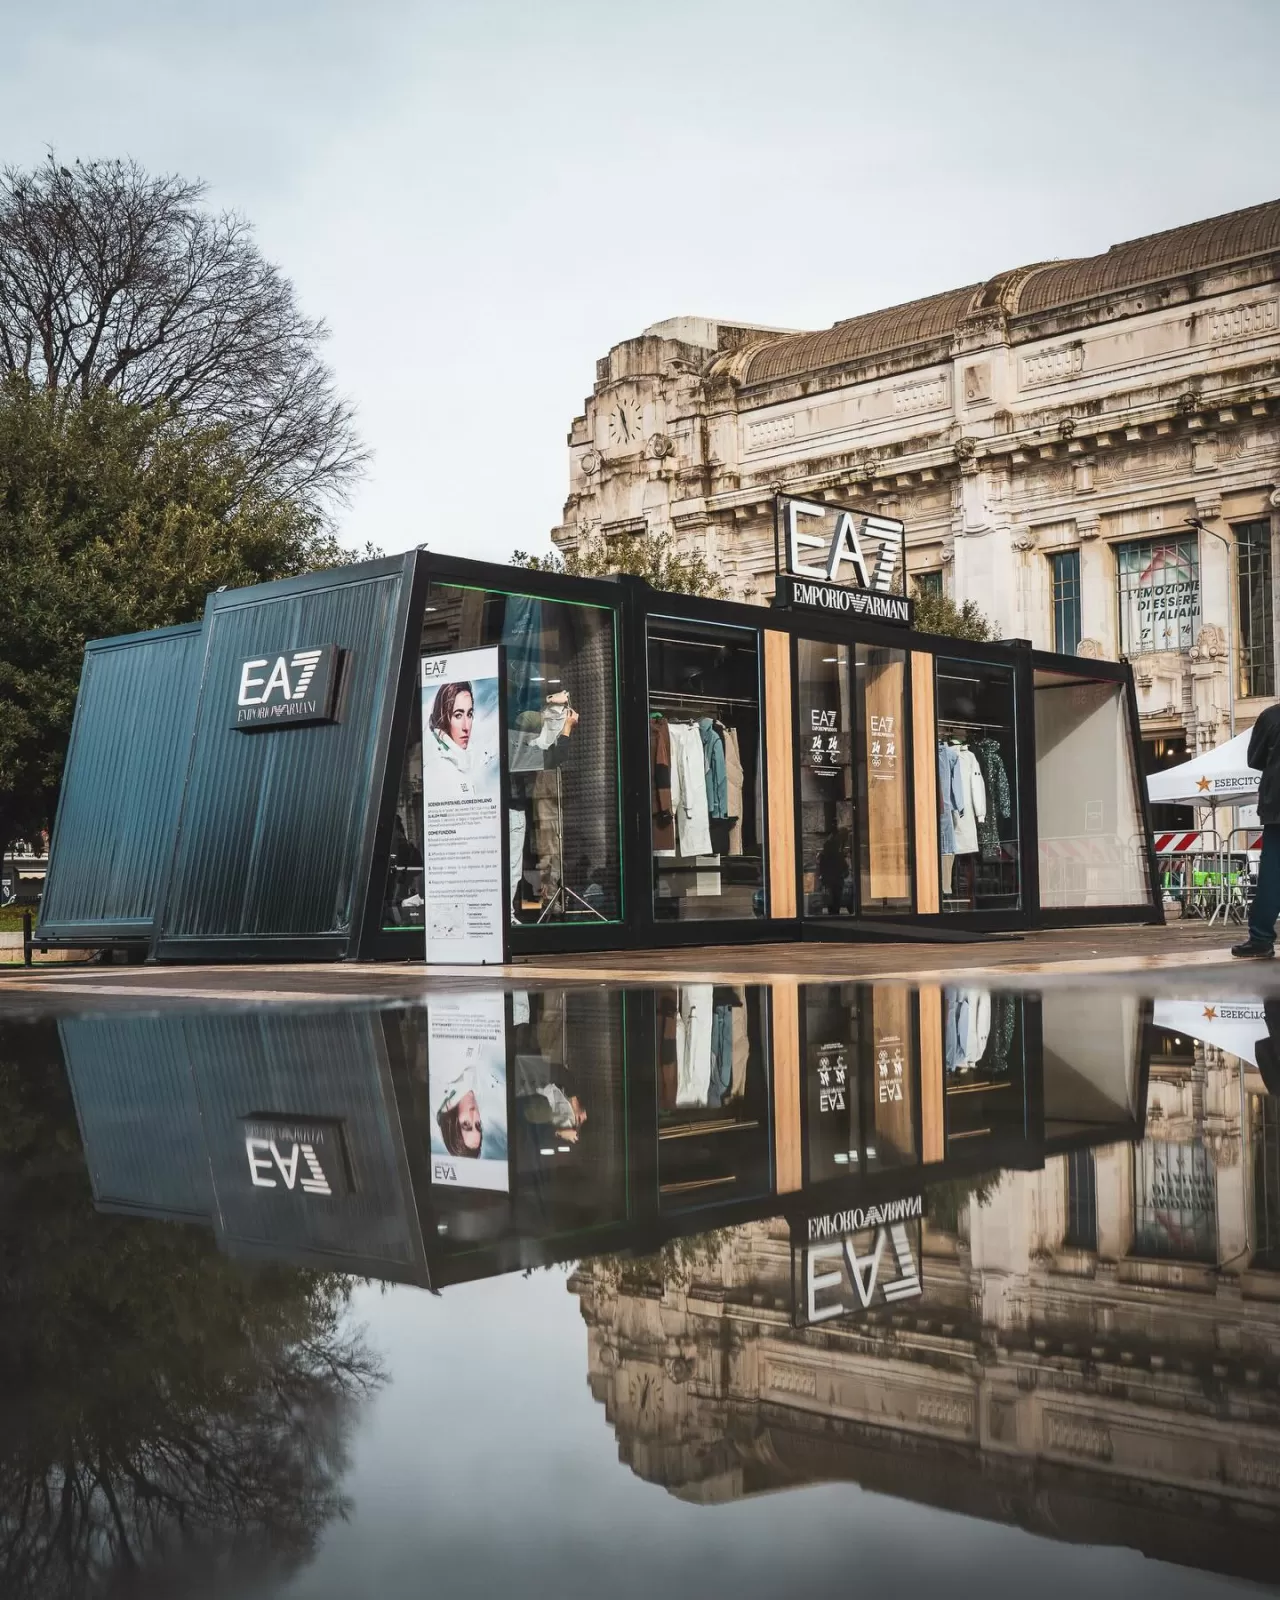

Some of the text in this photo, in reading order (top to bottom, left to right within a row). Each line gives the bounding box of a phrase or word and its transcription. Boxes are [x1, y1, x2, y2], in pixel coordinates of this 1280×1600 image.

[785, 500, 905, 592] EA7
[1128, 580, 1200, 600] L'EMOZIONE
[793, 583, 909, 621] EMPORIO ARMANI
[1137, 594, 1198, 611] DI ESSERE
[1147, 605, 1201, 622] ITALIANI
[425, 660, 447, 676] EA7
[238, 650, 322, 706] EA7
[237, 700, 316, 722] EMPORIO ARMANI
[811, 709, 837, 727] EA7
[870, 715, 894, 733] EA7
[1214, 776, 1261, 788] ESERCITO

### Requirement
Please, without any pictures, retype the records exactly as they appear.

### Response to the task
Some of the text in this photo, in reading order (top to bottom, left to right within a row). Each line gives the bounding box of a phrase or word and its transcription. Boxes are [x1, y1, x2, y2], in pixel coordinates of this 1280×1600 image.

[785, 500, 905, 592] EA7
[1128, 580, 1200, 600] L'EMOZIONE
[793, 583, 909, 621] EMPORIO ARMANI
[1137, 594, 1198, 611] DI ESSERE
[1147, 605, 1201, 622] ITALIANI
[425, 660, 447, 676] EA7
[238, 650, 322, 706] EA7
[237, 700, 316, 722] EMPORIO ARMANI
[811, 709, 837, 727] EA7
[870, 715, 894, 733] EA7
[1214, 776, 1261, 788] ESERCITO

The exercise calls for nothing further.